Theoretical time for the ratio between the external and cytoplasmic concentrations of a solute to reach 90 or 99% of its steady position, where influx just balances dilution caused by growth in exponentially growing cells of a typical Gram-negative bacterium and a typical Gram-positive bacterium as a function of the permeability coefficient. The solid lines are the t₉₉ plots of equation 17 for Gram-positive bacterial (gray) and Gram-negative bacterial (black) cell surface area and cytoplasmic volume (Table 2). In both cases, the bacteria were assumed to be growing rapidly with a doubling time of 30 min.
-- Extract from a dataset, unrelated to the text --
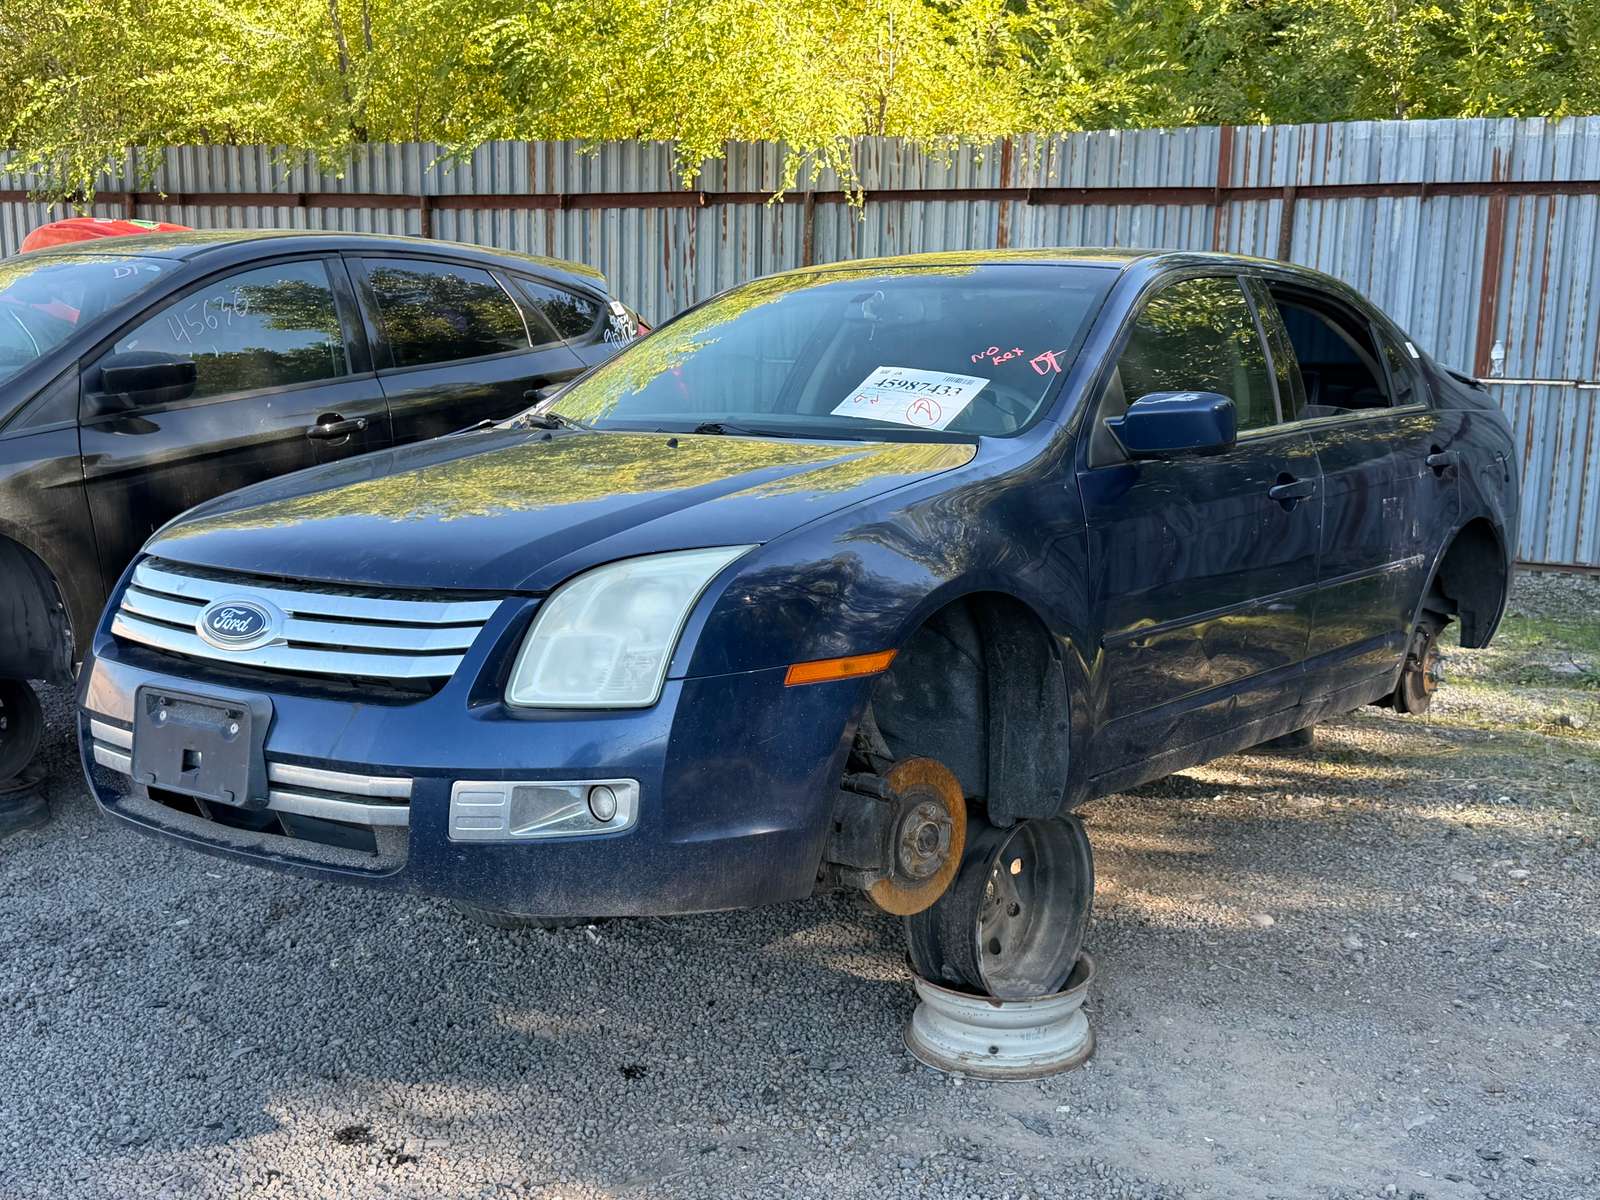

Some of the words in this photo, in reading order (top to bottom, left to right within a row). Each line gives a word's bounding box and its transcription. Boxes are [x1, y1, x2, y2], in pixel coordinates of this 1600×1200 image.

The symbols (□, Gram-positive bacteria; Δ, Gram-negative bacteria) show the t₉₉ values calculated using equation 17 for the permeability coefficients given in Table 3, with the addition of one further example: 4.3 × 10⁻⁷ cm · s⁻¹, calculated for the cell envelope of Staphylococcus epidermidis and the unprotonated form of erythromycin at 37°C and pH 7.8 from uptake data from Goldman and Capobianco (65). The dashed lines show equivalent plots of 90% equilibration times from the analogous equation, t₉₀ = [−ln 0.1]/[(PA/V₃) + μ] = 2.30/[(PA/V₃) + μ], for Gram-positive bacterial cells (gray) and Gram-negative bacterial cells (black).